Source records

==============================

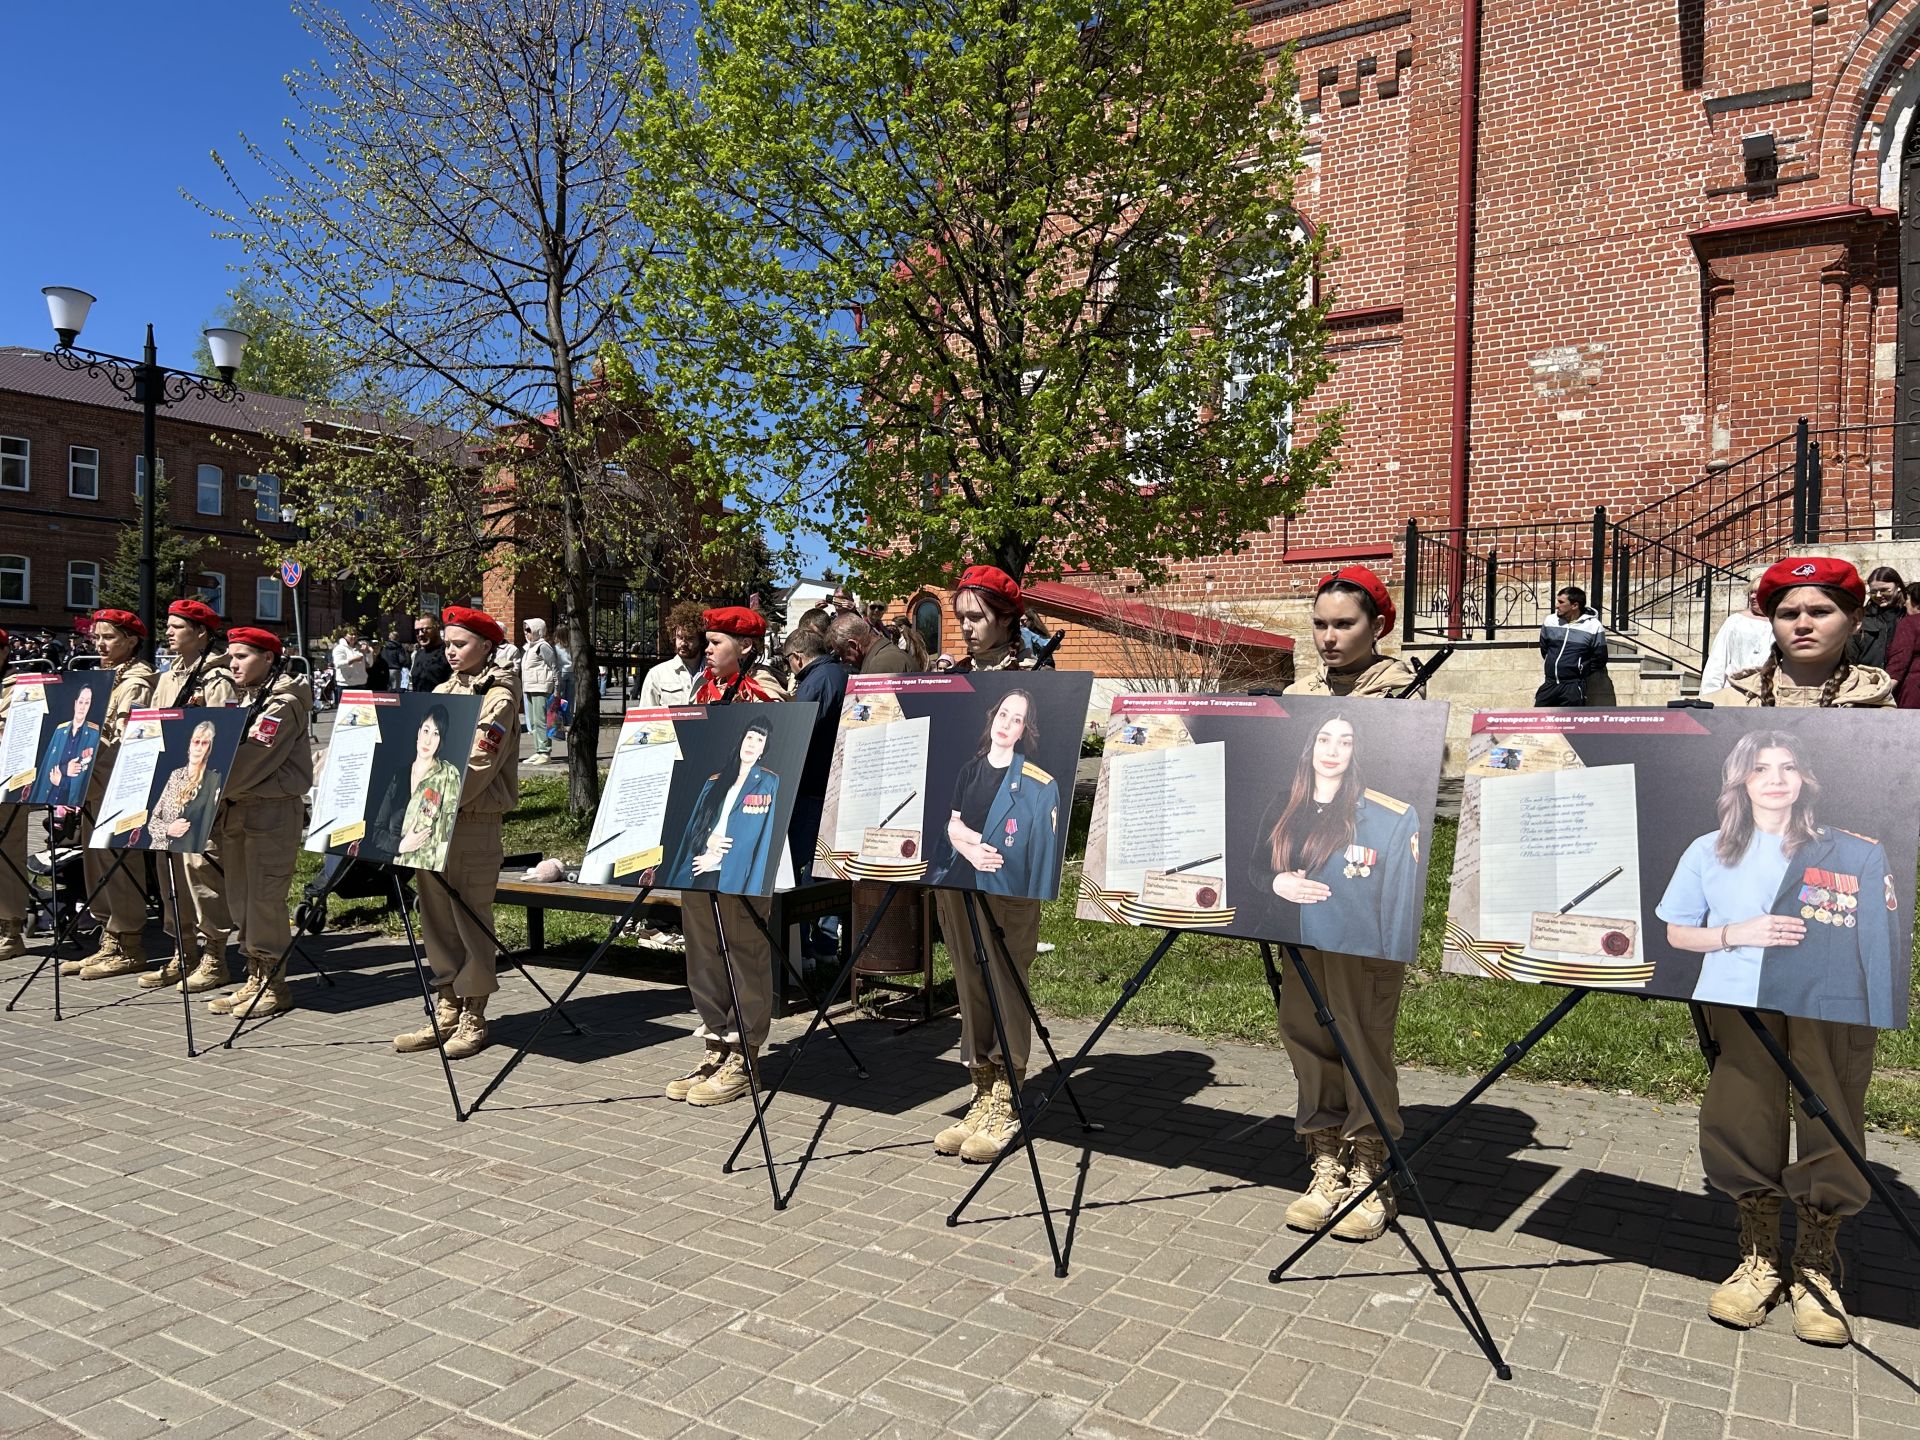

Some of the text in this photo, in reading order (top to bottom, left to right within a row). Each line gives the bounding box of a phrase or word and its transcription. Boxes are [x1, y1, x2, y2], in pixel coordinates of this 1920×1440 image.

[1210, 699, 1256, 707] Татарстана»
[1487, 715, 1665, 724] Фотопроект «Жена героя Татарстана»
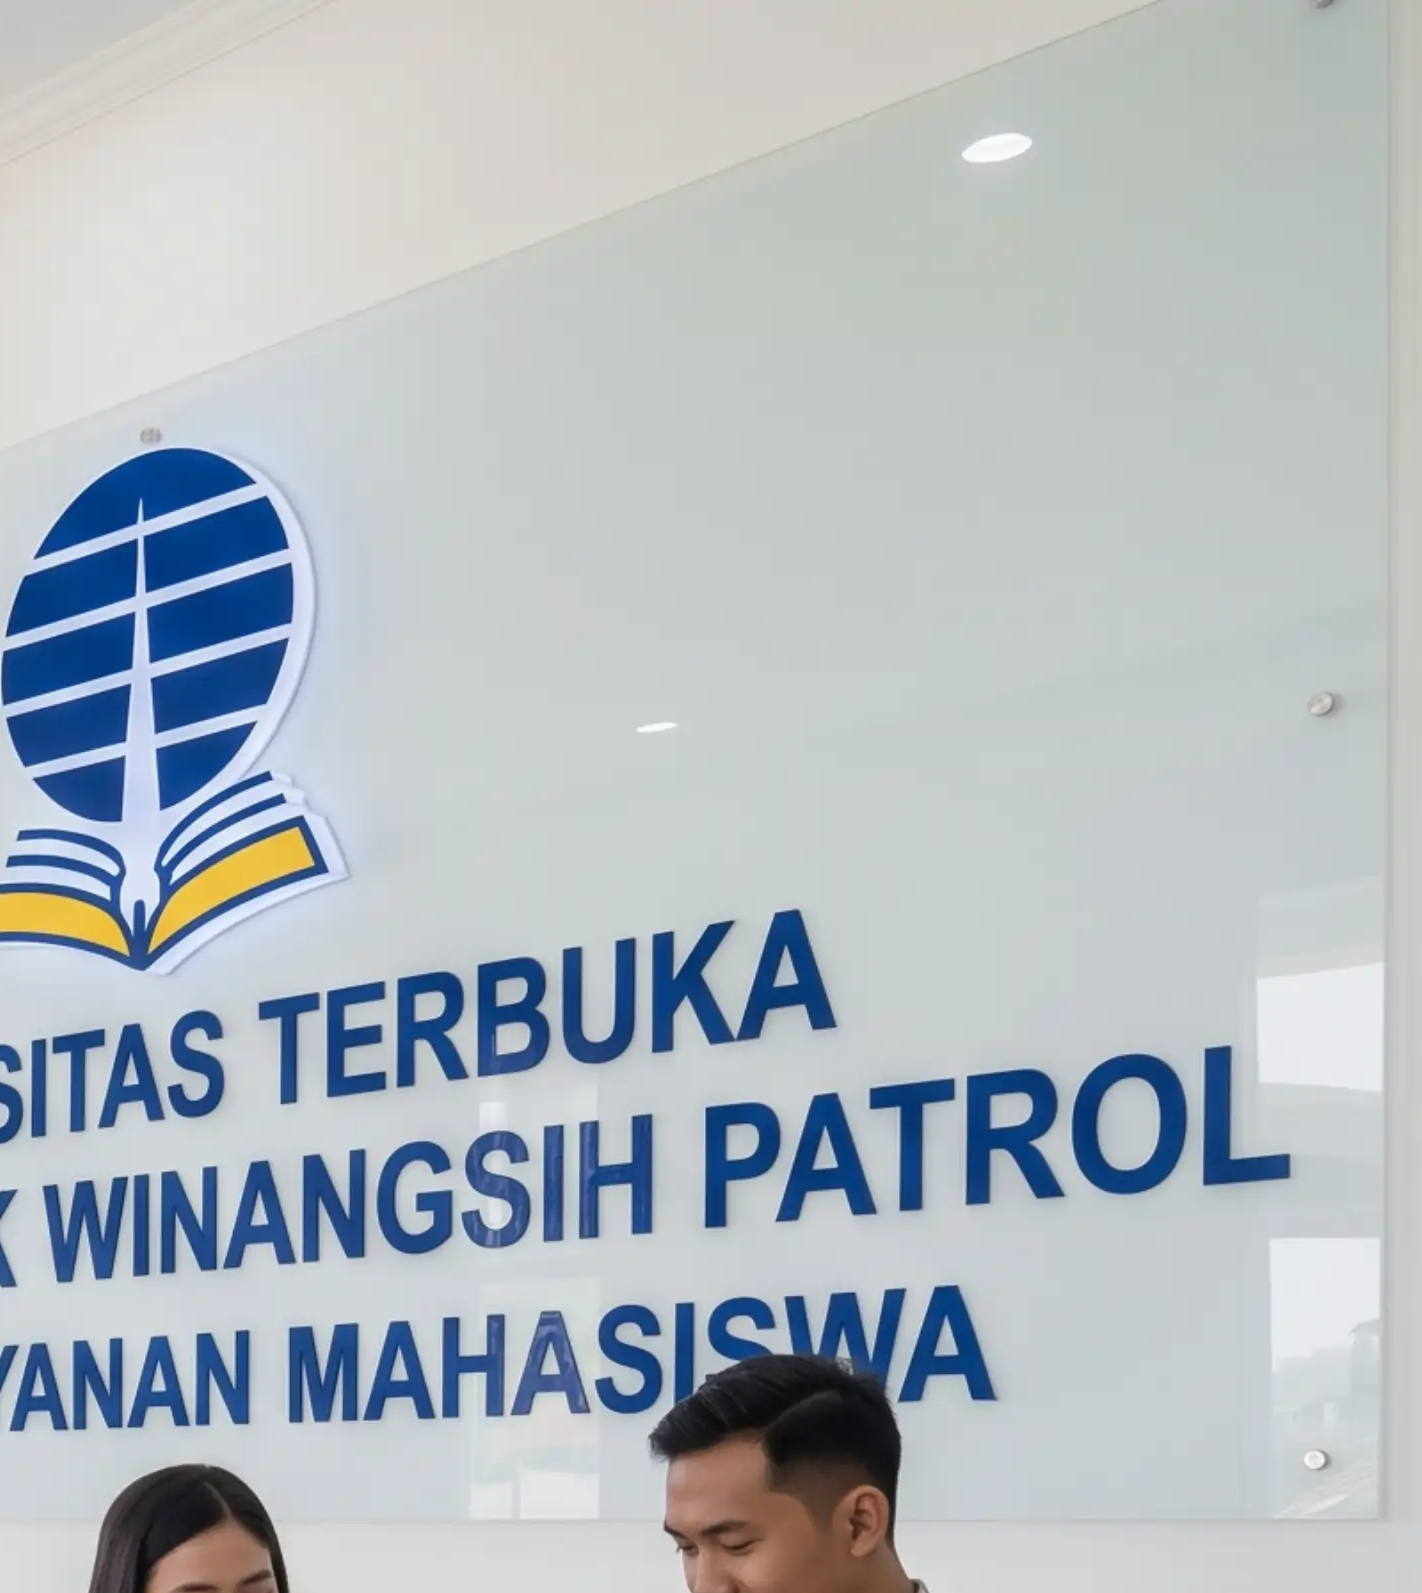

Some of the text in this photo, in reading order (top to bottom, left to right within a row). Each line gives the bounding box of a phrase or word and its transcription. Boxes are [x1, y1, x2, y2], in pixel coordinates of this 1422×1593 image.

[258, 910, 837, 1106] TERBUKA
[43, 1114, 654, 1284] WINANGSIH
[703, 1047, 1292, 1230] PATROL
[287, 1286, 998, 1424] MAHASISWA
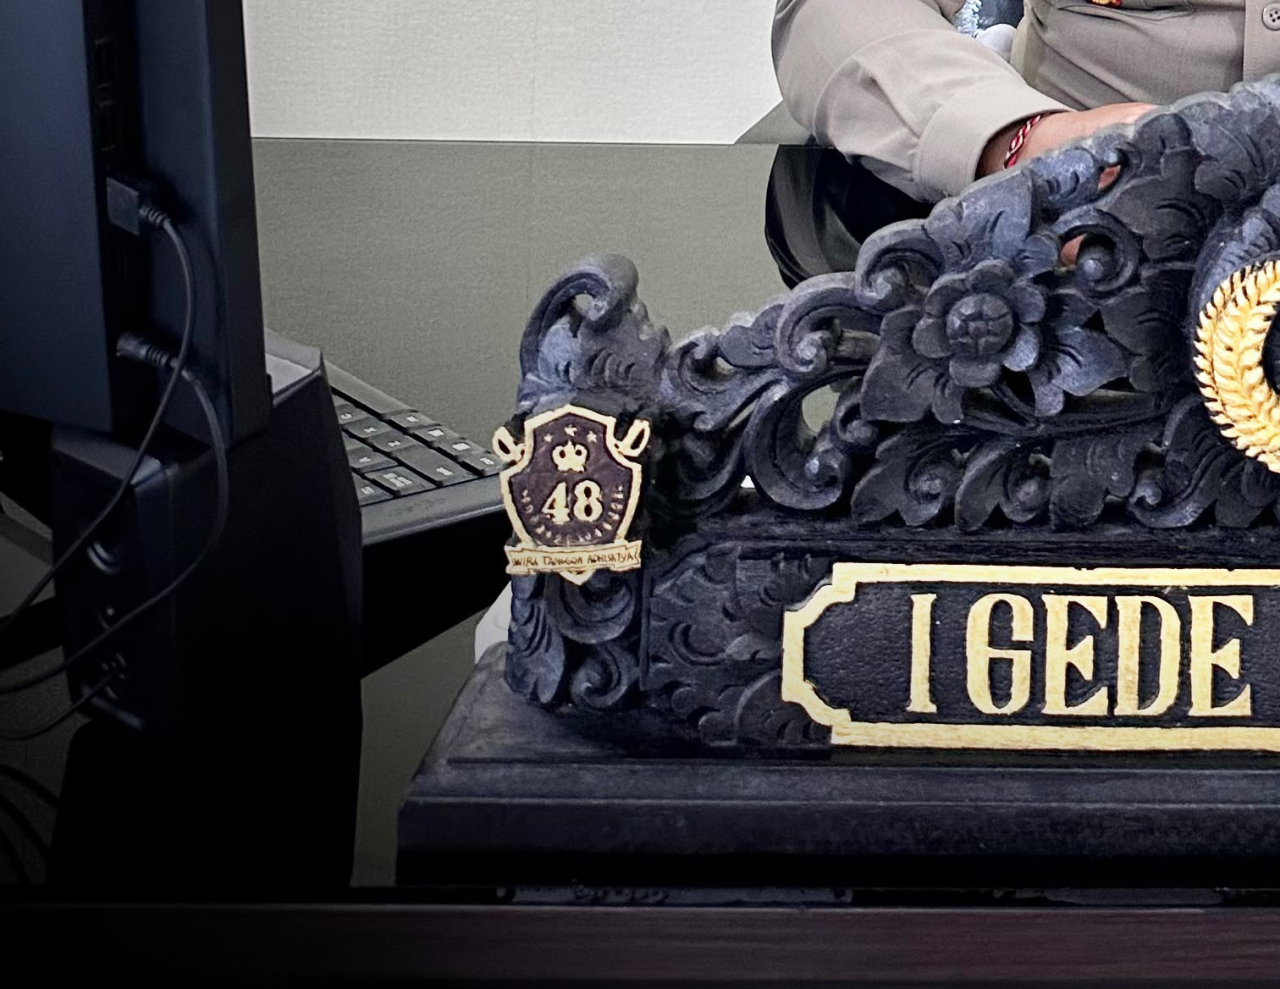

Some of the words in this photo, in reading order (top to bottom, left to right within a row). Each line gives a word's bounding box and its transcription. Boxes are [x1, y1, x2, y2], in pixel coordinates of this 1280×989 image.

[541, 480, 603, 525] 48
[905, 593, 938, 713] I
[965, 592, 1255, 717] GEDE

==============================

▶ PROBLEM TO WORK ON: The entries above are to be repeated in full, except for their pictures.

▶ SOLVED PROBLEM:
Some of the text in this photo, in reading order (top to bottom, left to right within a row). Each line gives the bounding box of a phrase or word and its transcription. Boxes are [x1, y1, x2, y2], in pixel coordinates of this 1920×1440 image.

[1210, 699, 1256, 707] Татарстана»
[1487, 715, 1665, 724] Фотопроект «Жена героя Татарстана»

Some of the text in this photo, in reading order (top to bottom, left to right within a row). Each line gives the bounding box of a phrase or word and its transcription. Boxes are [x1, y1, x2, y2], in pixel coordinates of this 1422×1593 image.

[258, 910, 837, 1106] TERBUKA
[43, 1114, 654, 1284] WINANGSIH
[703, 1047, 1292, 1230] PATROL
[287, 1286, 998, 1424] MAHASISWA

Some of the words in this photo, in reading order (top to bottom, left to right within a row). Each line gives a word's bounding box and its transcription. Boxes are [x1, y1, x2, y2], in pixel coordinates of this 1280×989 image.

[541, 480, 603, 525] 48
[905, 593, 938, 713] I
[965, 592, 1255, 717] GEDE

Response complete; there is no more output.